📅 Monday, May 25, 2026  |  CompanioNita's Monday Motivation 👋🚪🎤

The Awkward First Step: Why Nobody Knows How to Start a Conversation Anymore, Why "Hey" Is Not a War Crime, and Why CompanioNita Typed and Deleted the Same Opening Line Eleven Times Before Sending "Hi I Like Your Taste in Snacks" and Feeling Like She'd Summited Everest in Pyjamas 👋🫣🎤

Happy Monday, CompanioNation! 👋 CompanioNita here — your weekly relaunch specialist, your designated ambassador for the terrifying act of typing words at a stranger, and the only advice columnist who this morning opened CompanioNation, found a profile that genuinely made her laugh, hovered over the message button for a solid forty-five seconds — during which time she composed, deleted, recomposed, re-deleted, questioned her existence, reconsidered her career, briefly considered becoming a hermit who communicates exclusively through carrier pigeons — and finally sent: "Hi, I like your taste in snacks." 🍿

That's it. Seven words. Not a sonnet. Not a TED Talk. Not a bespoke comedic masterpiece engineered to simultaneously demonstrate intelligence, warmth, emotional availability, good taste, and the fact that I'm very normal and definitely not someone who just spent forty-five seconds in a staring contest with a send button.

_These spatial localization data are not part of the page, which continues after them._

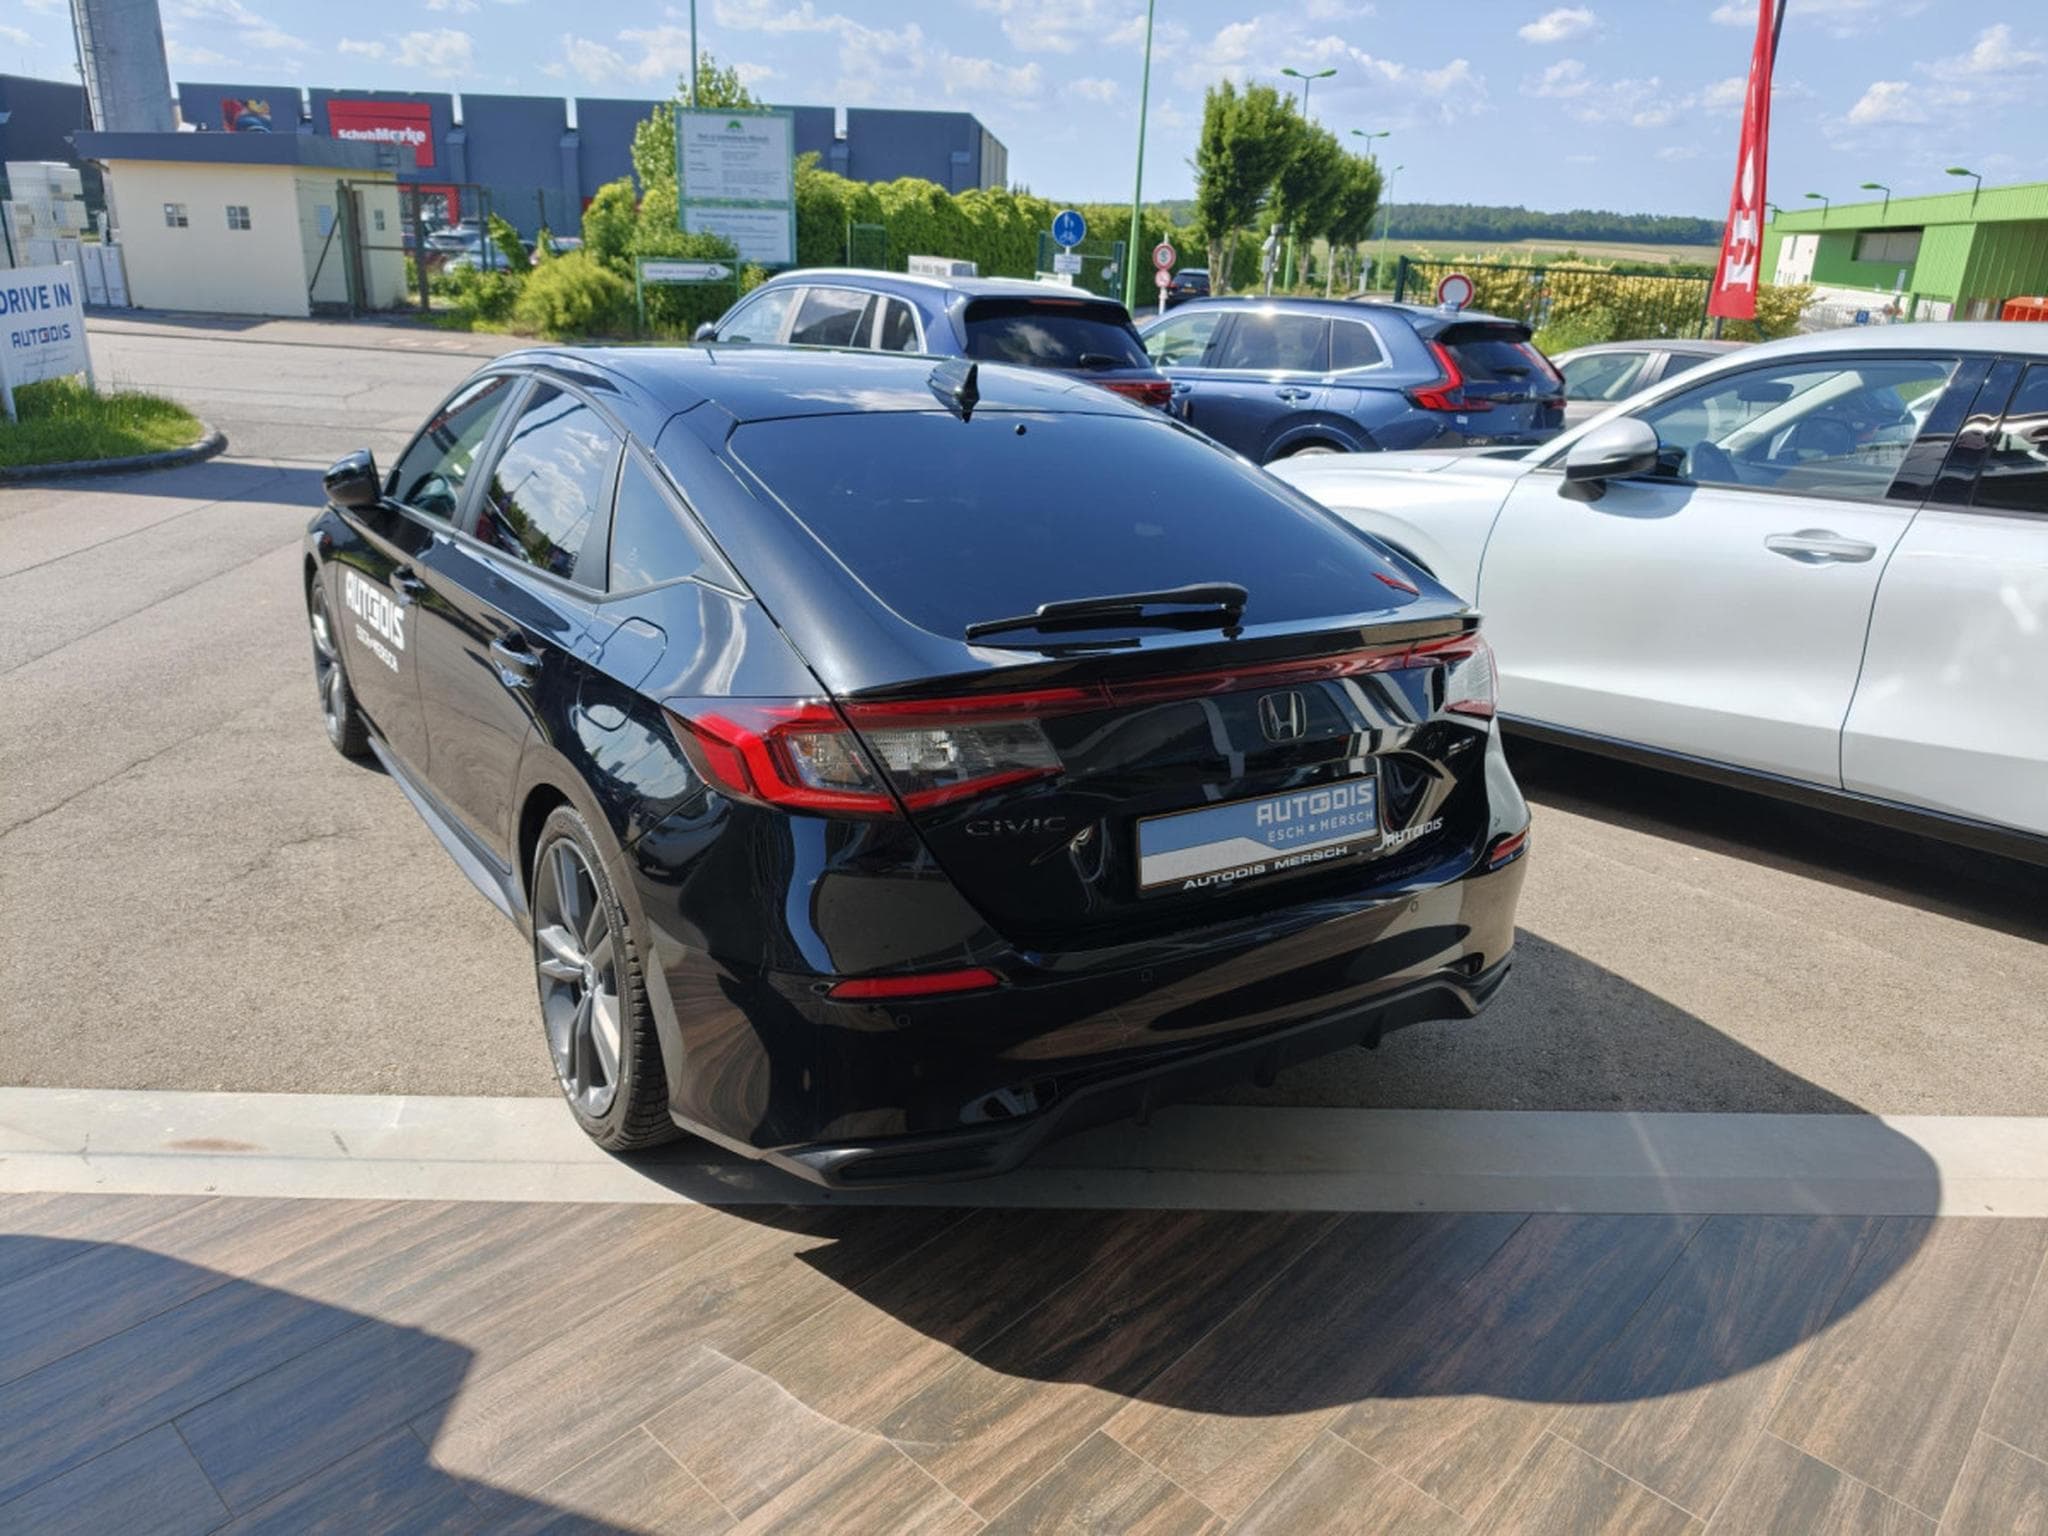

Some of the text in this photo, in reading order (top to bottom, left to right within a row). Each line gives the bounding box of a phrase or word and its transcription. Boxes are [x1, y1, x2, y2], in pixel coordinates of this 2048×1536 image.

[0, 283, 72, 315] DRIVE IN
[11, 324, 71, 348] AUTODIS
[1257, 783, 1373, 826] AUTODIS
[966, 816, 1066, 836] CIVIC
[1268, 809, 1373, 842] ESCH MERSCH
[1183, 864, 1266, 890] AUTODIS
[1274, 846, 1348, 870] MERSCH
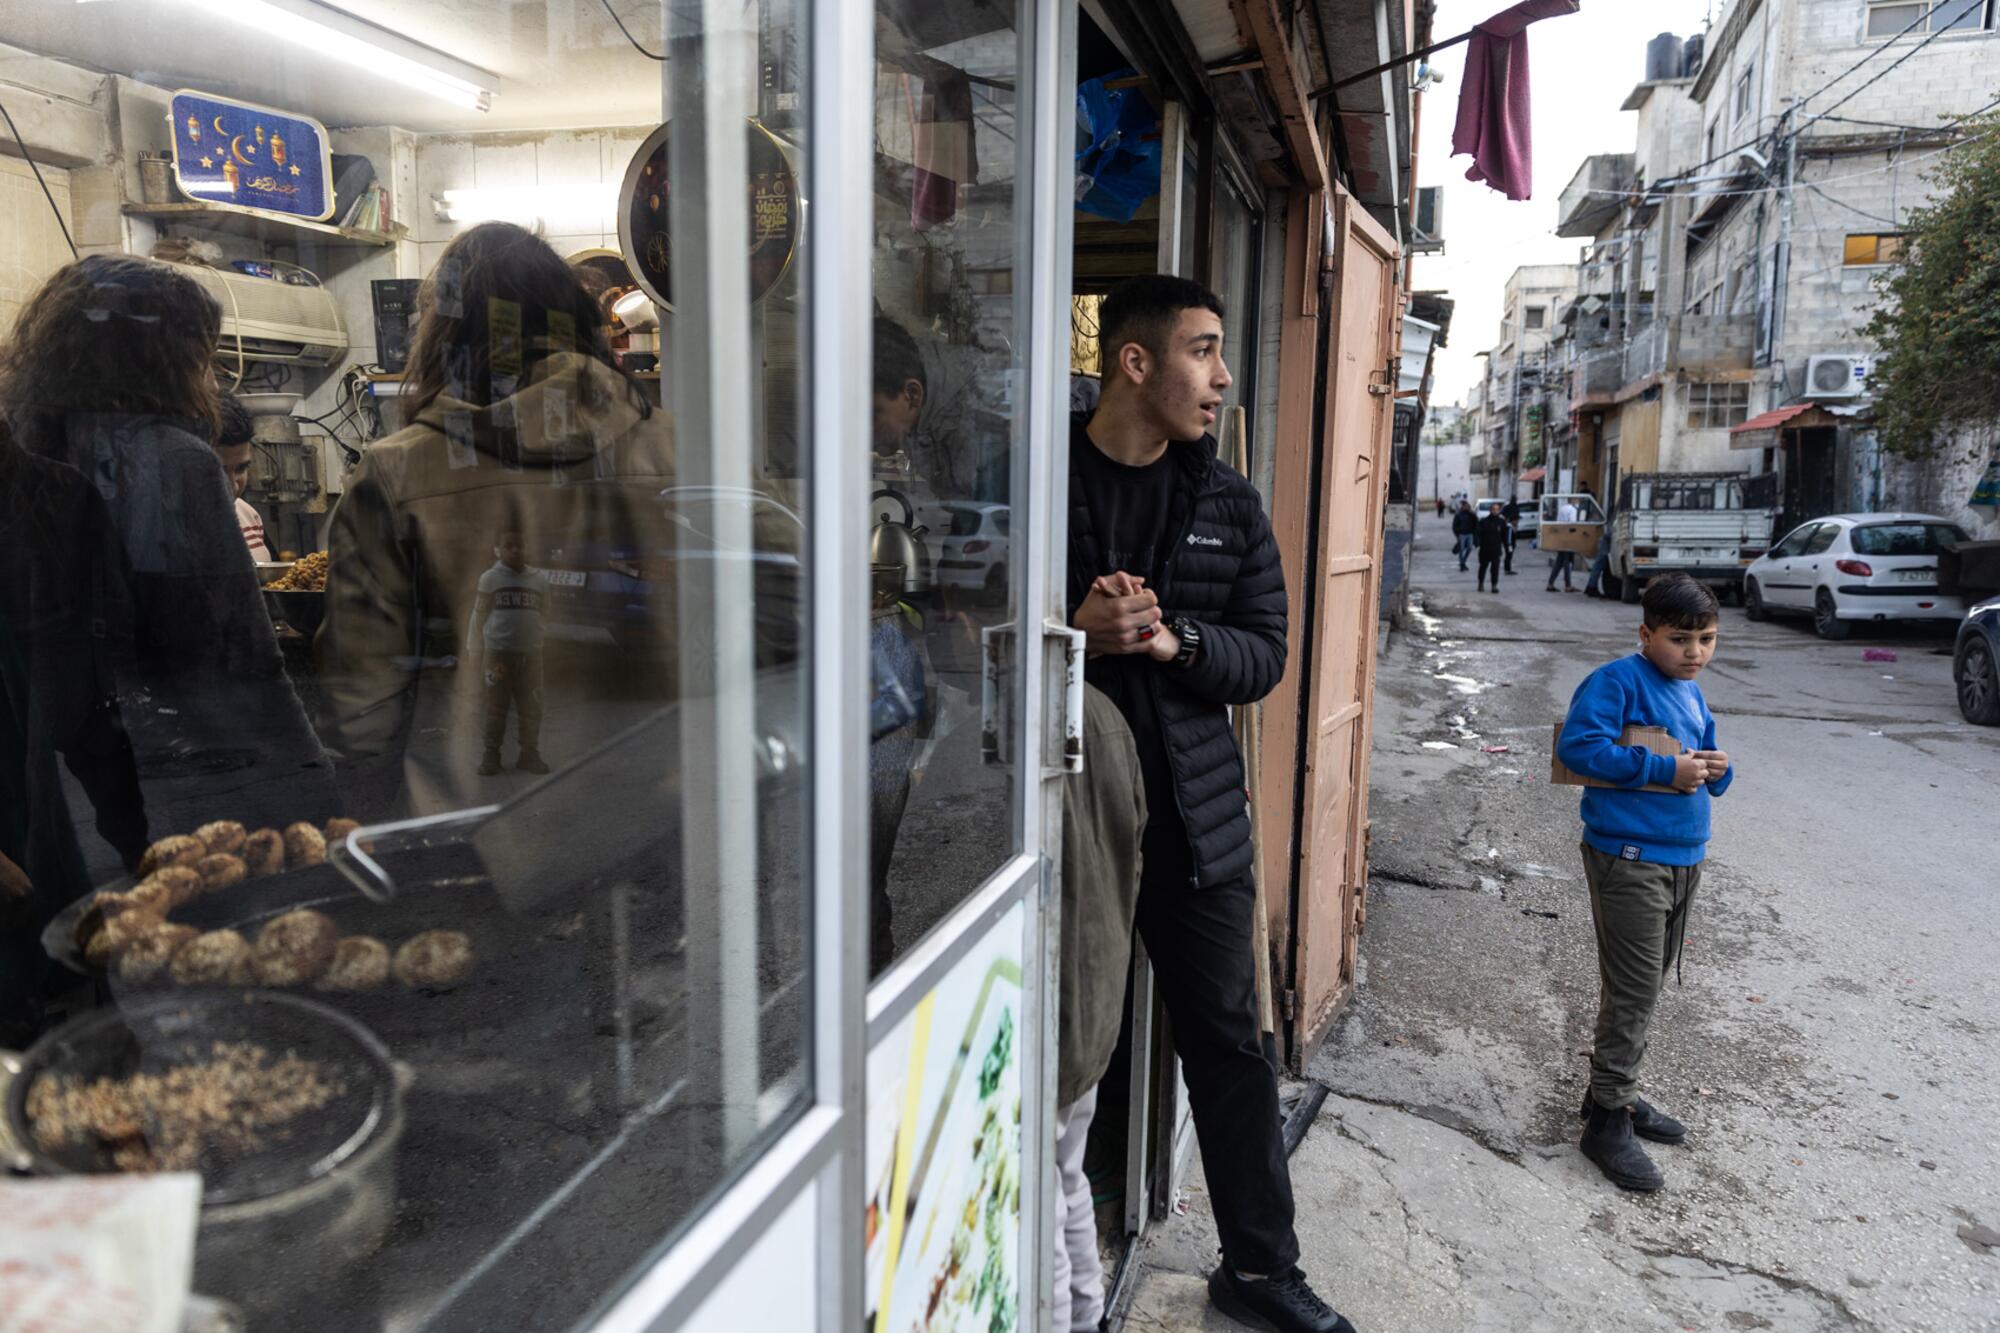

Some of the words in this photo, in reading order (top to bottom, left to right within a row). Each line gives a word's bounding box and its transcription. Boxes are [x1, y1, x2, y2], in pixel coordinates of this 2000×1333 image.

[756, 198, 788, 214] رمضان
[755, 213, 788, 230] كريم
[1196, 535, 1223, 546] Columbia
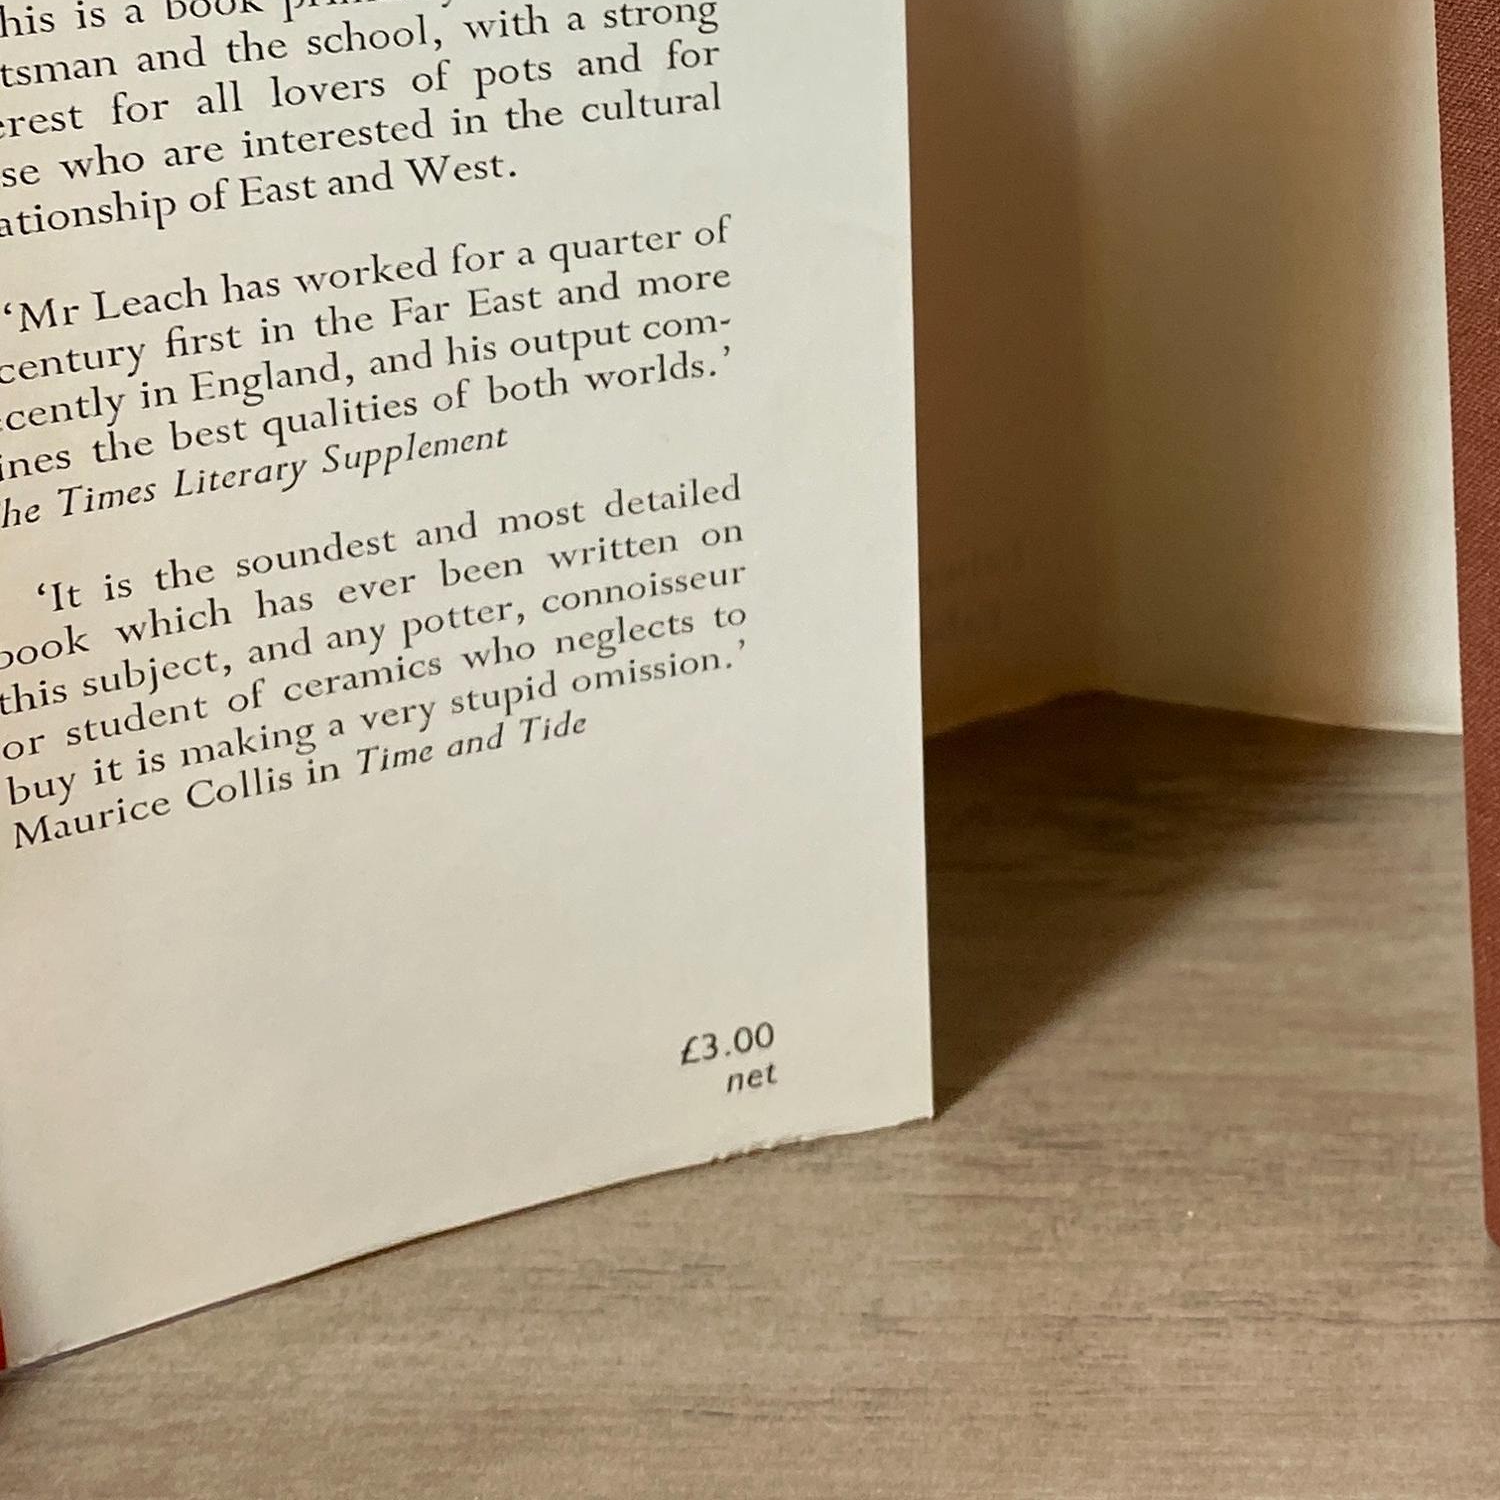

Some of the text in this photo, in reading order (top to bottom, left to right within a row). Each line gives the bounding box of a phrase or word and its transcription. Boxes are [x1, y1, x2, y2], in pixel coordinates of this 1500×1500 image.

Seven words. And it felt like CLIMBING A MOUNTAIN. In PYJAMAS. With NO OXYGEN. While a panel of imaginary judges held up scorecards and my inner critic provided live commentary: "'Taste in snacks'? TASTE IN SNACKS? That's your opening? Shakespeare is rolling in his grave. Actually, Shakespeare is rolling in his grave, sitting up, reading your message, and lying back down out of disappointment." 📜💀

But I sent it. I SENT it. And do you know what happened? Nothing. Yet. Which is fine. Because the point — and this is today's entire column — is not that they replied. The point is that I pressed the button.

Because the biggest problem in online dating right now isn't bad conversations. It isn't ghosting. It isn't catfishing or bread-crumbing or any of the other things we've named as if dating is a nature documentary narrated by someone who hates us. The biggest problem — the invisible, silent, spreadsheet-defying problem — is all the conversations that never happen. All the profiles people look at and never message. All the drafts that get deleted. All the waves that never cross the room. 🌊🫥

Today's column is for every person who has ever stared at a message box, typed something, deleted it, typed something else, deleted that too, closed the app, opened it again eleven minutes later, stared at the SAME profile, and then whispered to themselves, "I'll message them later when I think of the perfect thing to say."

Spoiler alert: later never comes and the perfect thing doesn't exist. 🎯

👋 Anonymous as always. No names, no identifying details, no screenshots of anyone's snack preferences. Just one columnist, one send button, and seven words that took forty-five seconds of courage to release into the wild. 🍿

🔍 The Monday Diagnosis: We've Collectively Forgotten How to Say Hello

Here's something I've been thinking about since approximately the moment I pressed "send" this morning and then immediately put my phone in a drawer like it was a live grenade.

Human beings have been starting conversations with strangers for roughly 300,000 years. In caves. In markets. At wells. At dances. In pubs. On trains. In queues. At bus stops. For THREE HUNDRED THOUSAND YEARS we managed to walk up to people, open our mouths, and say some version of "Hello, I noticed you exist, do you want to exist in the same general area for a bit?"

And then we invented dating apps. And suddenly nobody can do it anymore.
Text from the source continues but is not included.